Architect parents are also careful about what their children are exposed to. Some steer children towards books and ballet, others to guns and fishing rods. In either case, the parents are careful to indoctrinate their children into a particular value system. They make sure the children play with the right playmates and socialize with what the family thinks are their kind of people.

When a child of architect parents grows up, the parents still have clear expectations of what that individual should do with his or her life.... Whatever the parent's intent might be, the child knows precisely what is expected and will experience extraordinary guilt if he pursues any other path.
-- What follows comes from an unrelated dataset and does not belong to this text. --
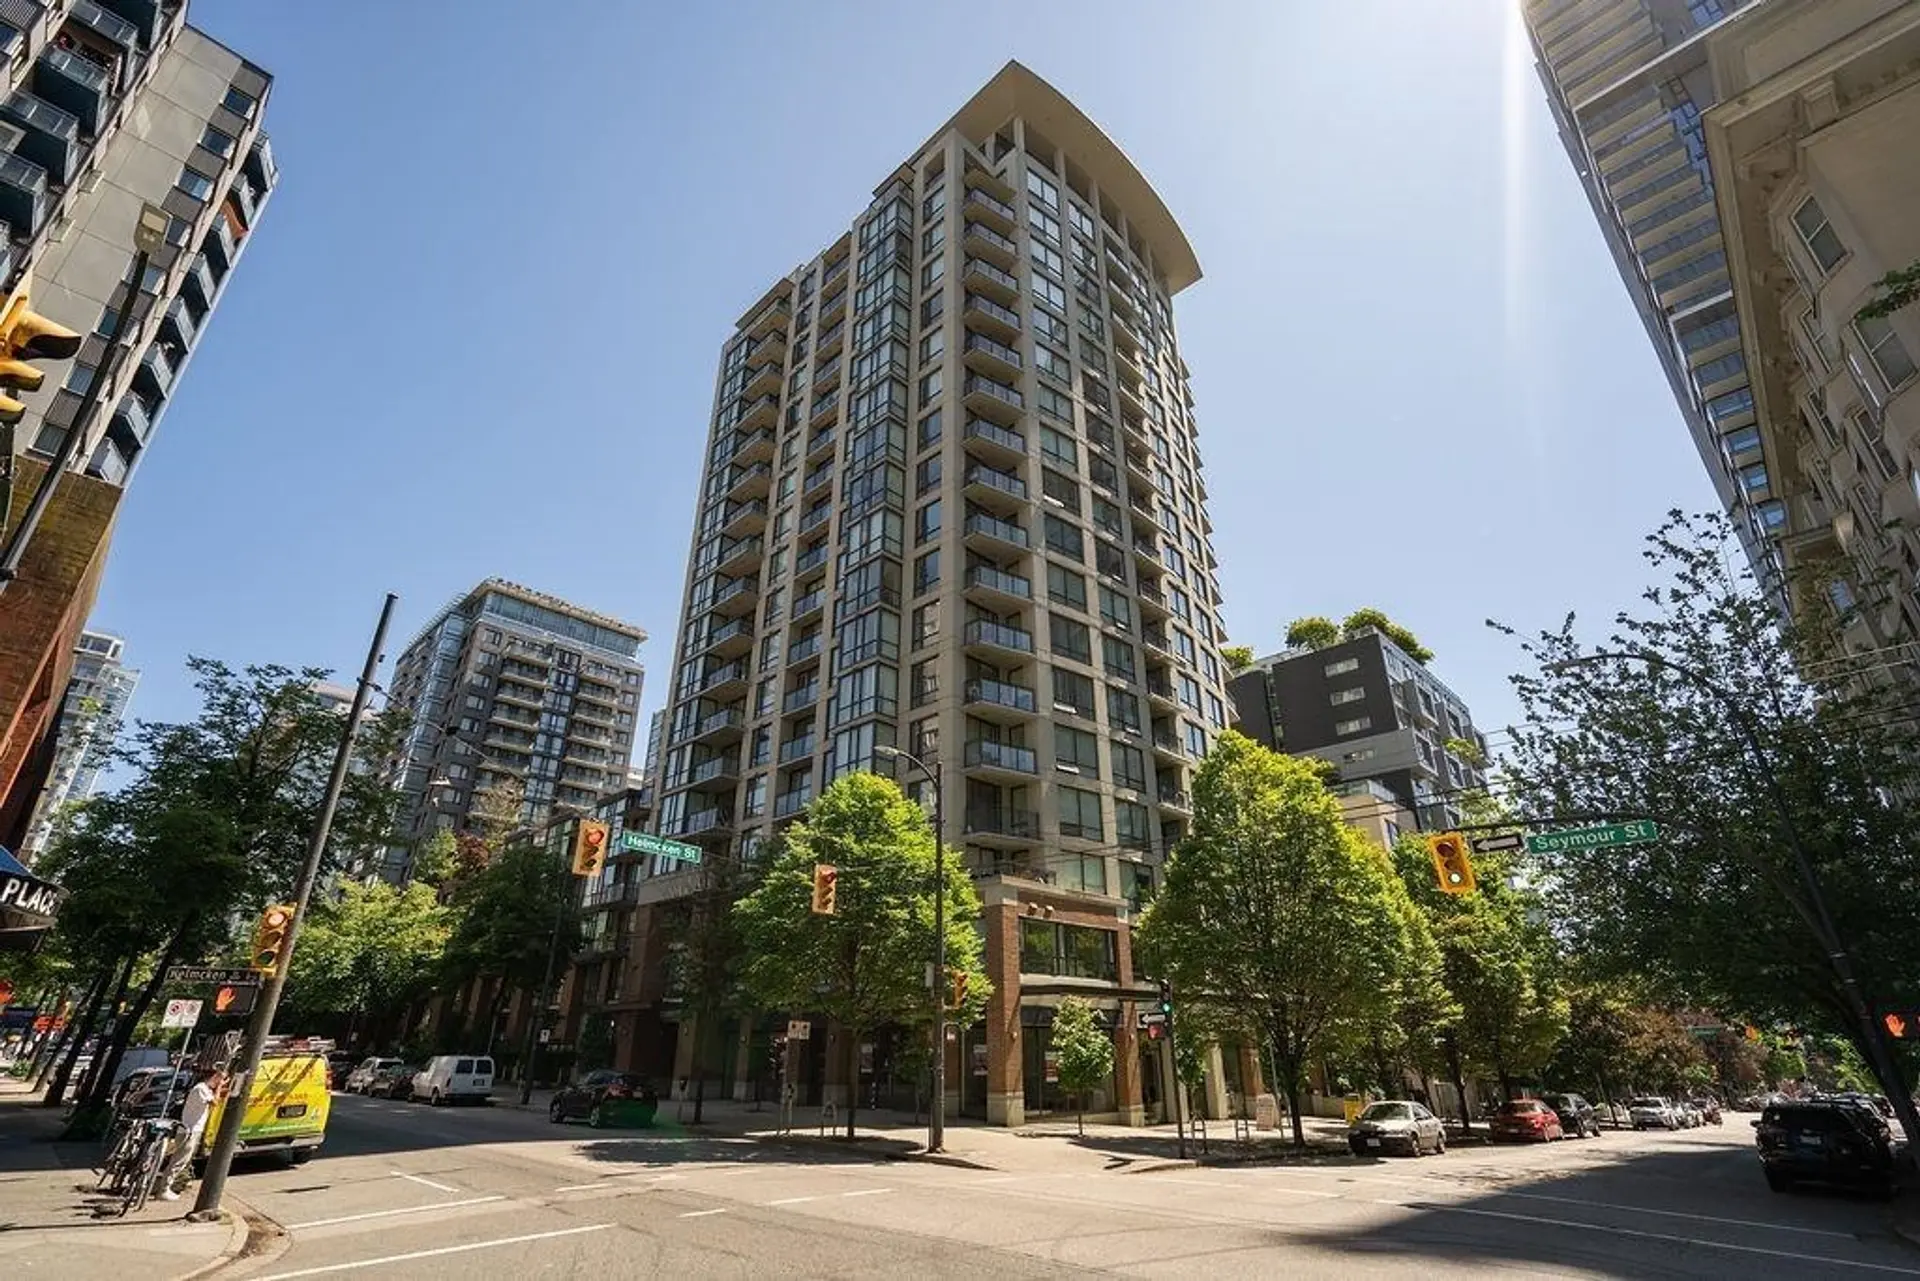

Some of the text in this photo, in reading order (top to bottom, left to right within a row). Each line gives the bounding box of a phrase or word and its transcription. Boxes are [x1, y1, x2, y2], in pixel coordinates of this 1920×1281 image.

[627, 836, 697, 859] Helmcken St
[1536, 824, 1648, 851] Seymour St
After all, it is the architect who really knows the total design. Whenever architect parents are also Christians, they often justify their intentions with spiritual or biblical principles.

Some architect parents act the way they do because it fits the way they are designed. They simply do what comes naturally, and it is natural for them to want to control other people's lives. Other architect parents do what they do because they believe it's what good parents ought to do.... Of course this portrayal of architect parents is a sterotype. Yet sometimes it takes an overstatement to help us to identify a well-disguised problem. The mind-set of the architect parents is supported to a great degree by the training processes of the church...

The sterotype of an ideal child is one who is quiet, responsible, loving to brothers and sisters, clean, neat, always on time, faithful in completing homework assignments, creative in play, fair in sports, interested in academic study and in sermons, a good eater, repsonsible, and so forth. These expectations are based on common sense and conformity. None are unreasonable for people who have to live together with some degree of tranquility. Yet it is unrealistic for parents to expect children to display all of these characteristics all the time.

It is dangerous to have our children conform to every whim imposed on them. It causes them to become indecisive and spiritually weak, substituting a legalistic awareness of God for an enthusiastic knowledge of their Creator. They are driven to become right rather than holy. Holiness is never achieved by adherence to models or rules. Rather, the Holy Spirit brings it about through an intimate relationship. In this way, holiness is a state of being in God and behaving accordingly. Biblically, is should be the norm for all Christians, not just a selected few superspiritual people.

Many Christians have a misconception of what holiness should be. Very few see it as a matter of beautiful actions and relationships emerging out of an enthusiasm for serving God, displayed in day-to-day living. The reason for the misperception is that holiness has traditionally been taught be presenting a perfect model and pointing out our own shortcomings. But teaching holiness should be a matter of nurturing a unique relationship with God....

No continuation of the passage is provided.